As Christmas approaches, the number of families facing homelessness is growing, as is the incidence of individuals sleeping rough in the streets. The Government provided generous funding for social housing in its recent budget. But because of past policy failures and a shortage of affordable rental accommodation, the situation remains critical and, if anything, has got worse. Without further action by way of rent controls or increases in welfare rent allowances, the blight of homelessness and all its attendant miseries will intensify.
The causes are complex and intertwined. The effective transfer of social housing to the private sector more than ten years ago created a shortfall in local authority accommodation and required the introduction of a rent allowance scheme. The rising cost of that scheme and the economic crash brought rent allowance cutbacks. The recovery in the housing market, particularly in Dublin, has done the rest. Local authorities set rent allowances at 8-12 per cent below market rates because of the guaranteed rental returns for landlords. A recovering market saw landlords look elsewhere for tenants, while changes to regulations confined households to the cheapest 35 per cent of the market. Competition within this sector, involving students, lower paid workers and qualifying families, became intense. In Dublin, rents increased by as much as 40 per cent and families are being squeezed out as their tenancies expire.
The Government appears resolved not to increase allowances or to impose a cap on rent increases. It will take time, however, for the €2.2 billion it provided for additional social housing to have a measurable effect on rents. In the meantime, investment companies that bought thousands of new and unfinished apartments after the crash are expected to increase their returns from the upper end of the market. A supply of additional accommodation might be expected to stabilise rents or cause them to fall, but this is not a normal market. Bankers and builders are united in predicting an explosion in all rental incomes.
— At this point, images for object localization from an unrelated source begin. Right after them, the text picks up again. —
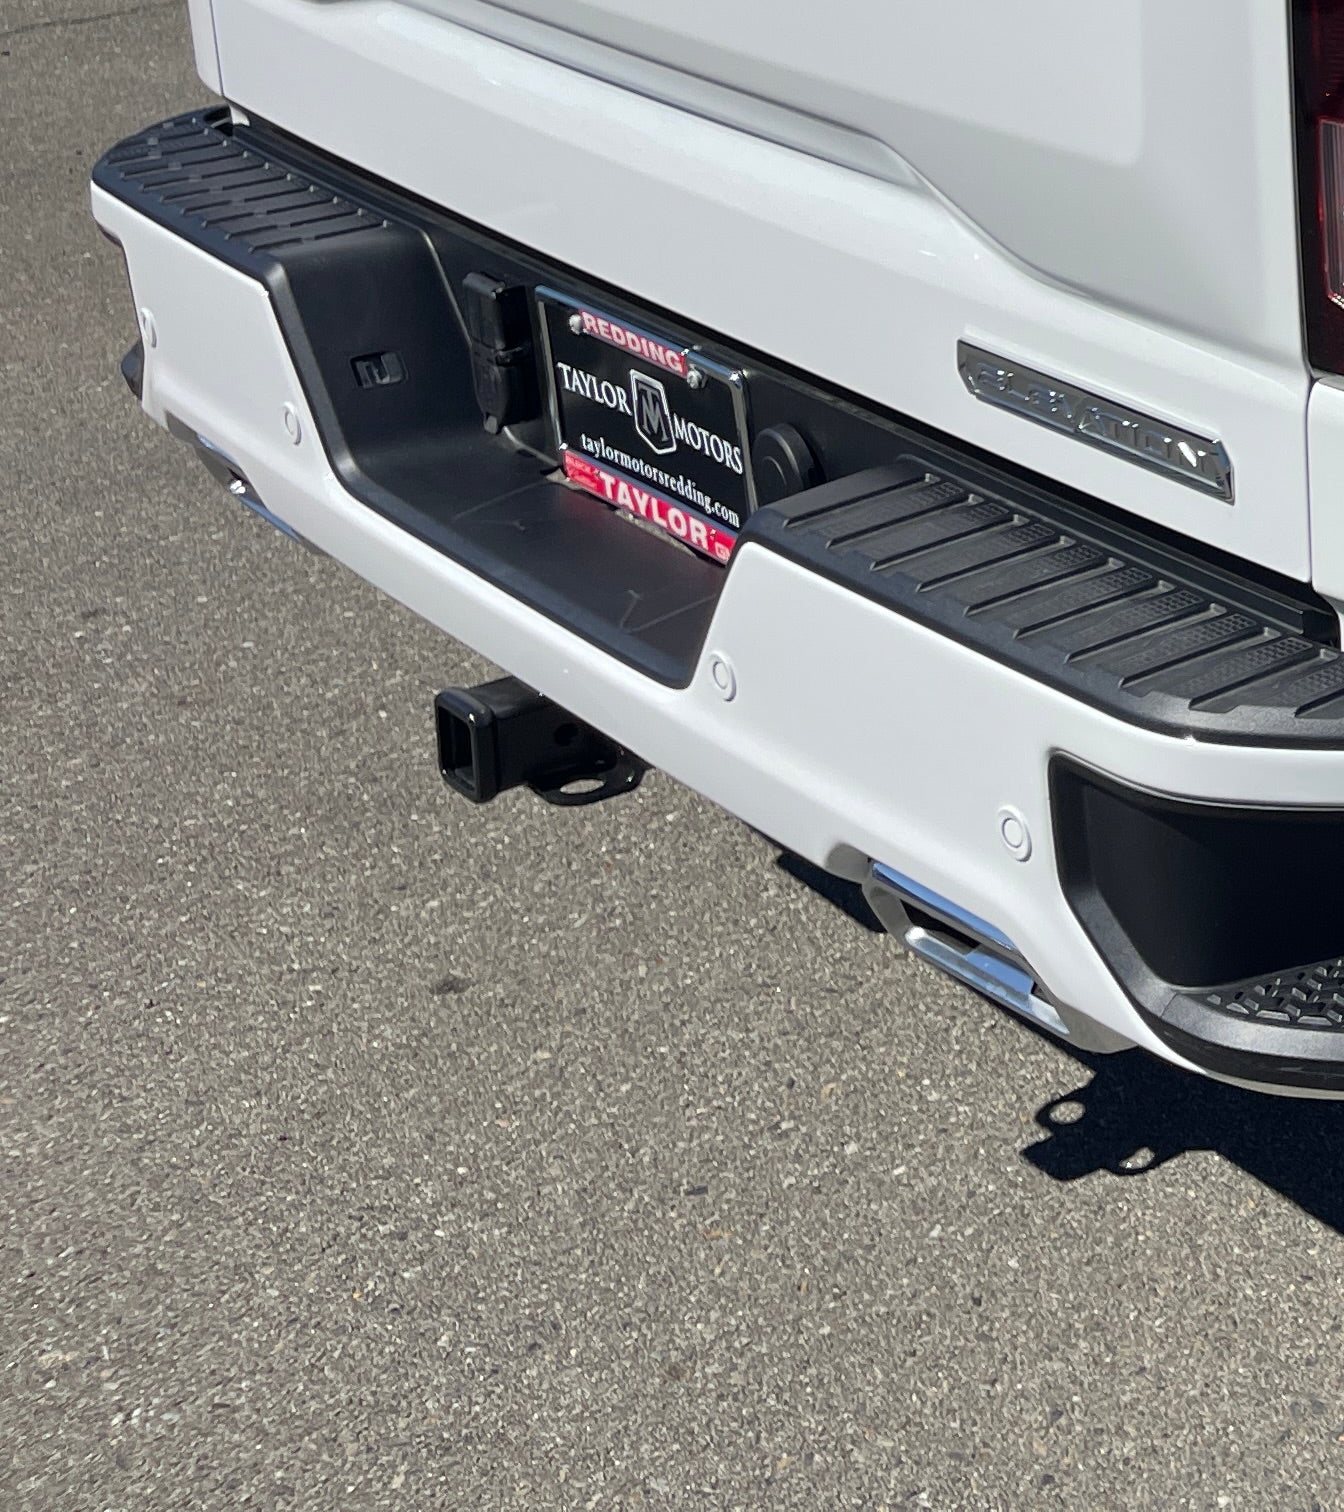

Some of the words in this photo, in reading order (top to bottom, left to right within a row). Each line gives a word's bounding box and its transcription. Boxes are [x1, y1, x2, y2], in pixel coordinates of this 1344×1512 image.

[581, 311, 685, 373] REDDING
[556, 361, 633, 417] TAYLOR
[672, 411, 744, 476] MOTORS
[975, 361, 1210, 474] ELEVATION
[580, 431, 741, 529] taylormotorsredding.com
[599, 471, 709, 551] TAYLOR
Minister for the Environment Alan Kelly provided Dublin City Council with an additional €4million to provide for homeless people this winter. He also promised to publish a social housing strategy "very shortly". It cannot come soon enough. Water charges have dominated recent headlines but homelessness represents a more fundamental issue. Social groups, including Focus Ireland, say that up to 800 adults and children became homeless this year in a deteriorating situation. Last month, in Dublin alone, 54 families were displaced. Numbers sleeping rough have also risen. If the Government does not raise welfare allowances, it should consider imposing a temporary inflation-based cap on rents. Basic, affordable accommodation should be treated as a political priority.